McFadden visited Ghana in 2007 (an earlier form of this book was published that year), and researched extensively. The effects of condemning female children to a life of rape in the name of religion, in living history, are extreme, with obvious parallels. Her subject matter can hardly be more lacerating or relevant. All this indicates a difficult but necessary read, poised to change the lives of those who read Praise Song for the Butterflies, and in turn, those who do not. With her explosive research into great wrong, and a string of awards for earlier writing, Bernice L. McFadden’s book readies to sear, to expose by telling the truth slant. But McFadden is no Picasso. Picasso’s concept has been delivered by Steven Brown, portraitist of rainbow Highland cattle. In writer’s terms, Seamus Heaney failed to record The Troubles, offering his thoughts to a passing Instagram poet for Hallmark’s use. That’s how bad Praise Song for the Butterflies really is. Alas.
Certainly, there is an issue, even for truly brilliant writers, when their subject matter is this extreme. The pre-eminent humanitarian activist and writer Arundhati Roy was faced with that perhaps unresolved problem in The Ministry of Utmost Happiness. However, I find it impossible to justify the prize listing of this book, which seems all hurried narrative and undrawn characters, with scant respect for the written word. Even the writer seems to tire of her creation, tying her knots quickly and blatantly to reach ‘The End’.

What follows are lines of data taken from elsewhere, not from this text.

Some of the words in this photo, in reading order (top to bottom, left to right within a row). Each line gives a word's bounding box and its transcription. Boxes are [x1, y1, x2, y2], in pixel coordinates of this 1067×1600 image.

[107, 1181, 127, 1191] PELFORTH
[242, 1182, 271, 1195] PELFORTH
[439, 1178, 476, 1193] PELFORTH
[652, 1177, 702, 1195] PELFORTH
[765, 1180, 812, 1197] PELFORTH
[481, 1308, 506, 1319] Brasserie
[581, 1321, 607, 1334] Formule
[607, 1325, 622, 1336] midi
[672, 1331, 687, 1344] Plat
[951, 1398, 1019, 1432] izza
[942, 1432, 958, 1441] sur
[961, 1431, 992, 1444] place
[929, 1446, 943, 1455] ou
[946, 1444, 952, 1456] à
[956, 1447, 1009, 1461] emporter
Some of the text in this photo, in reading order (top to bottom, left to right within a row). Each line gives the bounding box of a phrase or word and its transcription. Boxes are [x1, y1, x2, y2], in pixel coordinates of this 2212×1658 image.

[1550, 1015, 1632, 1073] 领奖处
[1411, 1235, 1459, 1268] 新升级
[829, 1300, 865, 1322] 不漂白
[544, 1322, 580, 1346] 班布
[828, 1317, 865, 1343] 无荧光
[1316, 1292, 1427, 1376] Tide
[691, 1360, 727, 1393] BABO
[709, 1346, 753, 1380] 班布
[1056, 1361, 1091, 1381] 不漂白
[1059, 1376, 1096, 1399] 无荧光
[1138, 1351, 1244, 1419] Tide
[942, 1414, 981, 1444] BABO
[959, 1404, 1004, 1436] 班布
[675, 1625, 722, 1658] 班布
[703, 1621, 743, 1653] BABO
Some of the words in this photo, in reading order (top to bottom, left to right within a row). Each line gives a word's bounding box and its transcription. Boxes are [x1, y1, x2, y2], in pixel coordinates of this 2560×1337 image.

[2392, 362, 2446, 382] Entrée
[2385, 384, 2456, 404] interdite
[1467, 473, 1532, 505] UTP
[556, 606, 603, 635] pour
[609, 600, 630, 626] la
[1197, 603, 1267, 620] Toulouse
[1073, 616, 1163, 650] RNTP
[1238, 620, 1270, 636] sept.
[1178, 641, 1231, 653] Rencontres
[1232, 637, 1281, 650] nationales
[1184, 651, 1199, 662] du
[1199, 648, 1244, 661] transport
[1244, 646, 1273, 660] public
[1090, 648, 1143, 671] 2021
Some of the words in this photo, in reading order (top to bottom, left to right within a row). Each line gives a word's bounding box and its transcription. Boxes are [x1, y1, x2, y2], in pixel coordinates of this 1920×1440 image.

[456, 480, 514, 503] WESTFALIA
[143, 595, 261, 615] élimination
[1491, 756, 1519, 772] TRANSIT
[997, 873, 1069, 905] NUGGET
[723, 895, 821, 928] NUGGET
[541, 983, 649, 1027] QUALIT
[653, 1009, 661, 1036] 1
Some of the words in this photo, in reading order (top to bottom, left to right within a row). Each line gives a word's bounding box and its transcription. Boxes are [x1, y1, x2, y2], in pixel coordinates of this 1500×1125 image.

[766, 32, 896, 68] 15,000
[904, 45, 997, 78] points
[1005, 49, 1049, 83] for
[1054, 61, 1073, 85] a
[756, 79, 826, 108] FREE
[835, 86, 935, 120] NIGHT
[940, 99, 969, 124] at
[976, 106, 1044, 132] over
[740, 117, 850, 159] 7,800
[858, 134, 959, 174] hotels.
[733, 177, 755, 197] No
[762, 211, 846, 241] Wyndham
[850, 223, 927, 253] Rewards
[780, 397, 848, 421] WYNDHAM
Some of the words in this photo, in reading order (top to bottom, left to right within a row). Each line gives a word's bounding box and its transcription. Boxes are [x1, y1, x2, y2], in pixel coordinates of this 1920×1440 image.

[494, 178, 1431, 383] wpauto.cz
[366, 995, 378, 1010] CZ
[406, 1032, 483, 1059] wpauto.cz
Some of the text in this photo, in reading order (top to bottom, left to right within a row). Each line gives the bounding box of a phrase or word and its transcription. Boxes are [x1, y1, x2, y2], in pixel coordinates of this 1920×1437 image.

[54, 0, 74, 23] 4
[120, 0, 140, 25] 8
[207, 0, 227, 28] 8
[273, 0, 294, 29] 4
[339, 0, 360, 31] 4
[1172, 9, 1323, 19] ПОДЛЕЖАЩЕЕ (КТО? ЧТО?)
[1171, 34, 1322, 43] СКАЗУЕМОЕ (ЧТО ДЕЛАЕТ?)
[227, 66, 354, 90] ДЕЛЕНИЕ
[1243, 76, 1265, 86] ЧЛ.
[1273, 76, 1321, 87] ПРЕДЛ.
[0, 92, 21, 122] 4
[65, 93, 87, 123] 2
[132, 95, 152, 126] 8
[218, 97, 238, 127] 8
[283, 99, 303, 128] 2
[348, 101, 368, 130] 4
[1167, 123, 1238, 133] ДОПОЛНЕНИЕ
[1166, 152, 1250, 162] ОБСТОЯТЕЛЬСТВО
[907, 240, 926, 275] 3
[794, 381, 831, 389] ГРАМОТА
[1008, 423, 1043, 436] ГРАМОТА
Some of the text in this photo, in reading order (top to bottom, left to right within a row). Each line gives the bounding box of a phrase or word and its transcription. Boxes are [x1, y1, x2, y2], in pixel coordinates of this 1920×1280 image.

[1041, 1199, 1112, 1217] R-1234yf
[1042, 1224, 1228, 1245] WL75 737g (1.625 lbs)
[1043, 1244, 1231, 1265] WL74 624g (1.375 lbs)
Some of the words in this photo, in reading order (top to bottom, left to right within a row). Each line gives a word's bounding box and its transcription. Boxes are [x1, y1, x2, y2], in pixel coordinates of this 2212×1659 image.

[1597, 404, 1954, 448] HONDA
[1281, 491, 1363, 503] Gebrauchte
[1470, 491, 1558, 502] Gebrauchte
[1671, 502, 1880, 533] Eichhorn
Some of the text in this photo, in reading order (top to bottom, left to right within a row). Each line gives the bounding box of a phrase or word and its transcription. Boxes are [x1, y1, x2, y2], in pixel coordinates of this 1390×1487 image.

Structurally, it’s a plot which can’t be termed a page-turner, so obvious are its coming turns. Yes, the victim metes out justice to the villain, and meets a lovely man who rights everything. Her long-lost alcoholic mother sorts herself out and becomes the perfect parent. An embarrassingly glib plot any well-read 10-year-old would reject. At the level of word, it is a string of clichés, only close to being saved by the percussive use of the protagonist’s age, and one underdeveloped device as three women give birth.
Praise Song for the Butterflies‘ litany of information and happenings delivers with didactic dryness, telling, but rarely showing. Fill-in backstories are tossed in regularly, with remarkably convenient revelations. If this has a genre, then it encompasses those chafing celebrity pleas integral to television fundraisers. I am uncomfortable making this harsh assessment. Doubtless there is a market for this book, but the 2007 Chair (Muriel Gray) of the judging panel’s remarks about ‘dross’ echo. It’s not difficult to imagine what Jackie Kay or Maya Angelou might have done with these materials, or, best of all, Toni Morrison. As it stands it proves that important subjects do not in themselves deliver art.